The likeliest outcome is that at some point in the future, the United States will find itself right back where we were in 1998: frustrated that Iraq is reneging on its commitments and that the international community isn’t willing to do anything about it. What’s more, the situation could be much worse this time around because Saddam is closer to acquiring nuclear weapons. The consensus among the Western intelligence services is that even if the Iraqis can be prevented from acquiring enriched uranium on the black market (likely, but not certain) it probably will still be able to enrich enough uranium in 3-6 years to acquire one or more nuclear weapons. Aggressive new inspections will almost certainly slow Iraq’s acquisition of a nuclear weapon, but we do not know by how much, nor do we really know how far along Iraq is. If the United States can only hold together the international support for aggressive inspections for another year or two, we may find that we have squandered our one opportunity to remove the Iraqi regime from power without having delayed its acquisition of nuclear weapons significantly.

U.S. OPTIONS

Assuming that Saddam does not act foolishly, but instead cooperates with the inspectors without complying with disarmament, as seems likely, the question for the United States will be whether President Bush is determined to go to war or wants to try to one last time to make inspections work.

If the Administration truly is willing to play out the inspections, the resolution provides all of the political cover that it will need. The challenge then will be to turn Iraqi cooperation into true compliance. The only realistic way to do this is to maintain tremendous military and political pressure on Iraq and to refuse to be diverted by other issues for the years that will be required to disarm Iraq.

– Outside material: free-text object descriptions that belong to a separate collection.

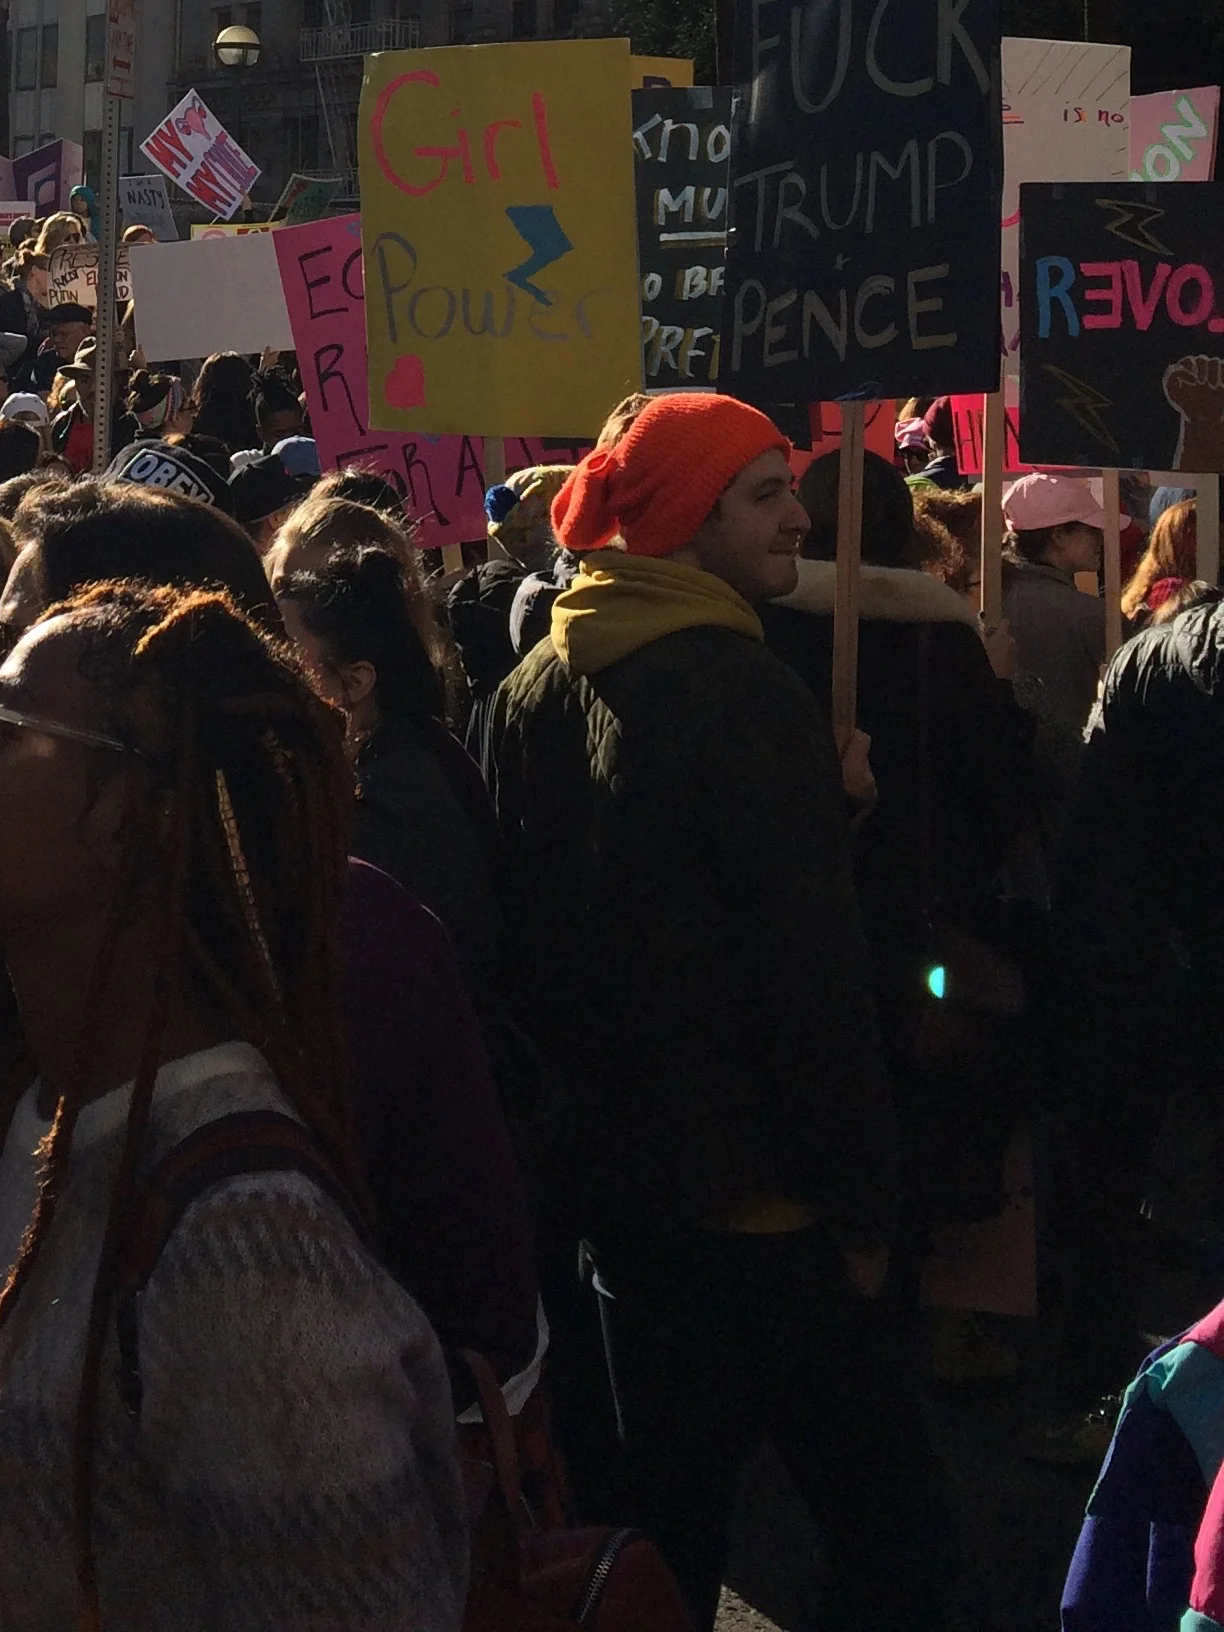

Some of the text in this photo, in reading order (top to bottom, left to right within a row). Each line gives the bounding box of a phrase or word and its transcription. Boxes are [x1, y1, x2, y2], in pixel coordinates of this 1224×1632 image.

[144, 119, 194, 179] MY
[371, 70, 559, 196] Girl
[127, 189, 165, 209] NASTY
[734, 130, 974, 252] TRUMP
[373, 231, 614, 345] Power
[731, 263, 958, 371] PENCE

If, on the other hand, the Administration is determined to go to war, the resolution provides the necessary practical basis (because it does not require the U.S. to get a second Security Council vote and sets a very low threshold for Iraq to be in material breach) but will make it politically difficult. Because Iraq is unlikely to give us a clear pretext for war by blatantly obstructing inspections, it is unlikely that the United States will be able to build the same kind of broad international coalition for war that we had in 1991. Consequently, the Administration will have to get to work immediately to build a case employing more ambiguous evidence and diplomatic horse-trading to convince other countries to support an invasion without such a clear provocation.

The place to start will be with Iraq’s initial declaration regarding its WMD programs, which is due to the UN by December 8. Iraq’s recent statements—including its letter to the UN accepting the new Resolution—indicate that it intends to claim that it is completely disarmed. If Iraq continues with this approach, it is likely to declare little or no WMD capability, in effect, daring the inspectors to prove Baghdad is lying, which it appears confident they will again fail to do. This is likely to be the most blatant Iraqi non-compliance Washington will see for some time, probably until Saddam feels comfortable that an invasion has become untenable. On the other hand, if the Bush Administration allows the inspections to go forward, it will lose the opportunity to use Baghdad’s initial declaration as a casus belli and if the inspectors fail to find the goods, as they likely will, the Administration’s credibility will be thrown in doubt rather than Saddam’s. And that will make it all the more difficult to forge a coalition for war. Absent an unequivocal provocation from Iraq, proceeding on a war course could then cost the Administration the very diplomatic support it sought to build by taking its case to the United Nations in the first place.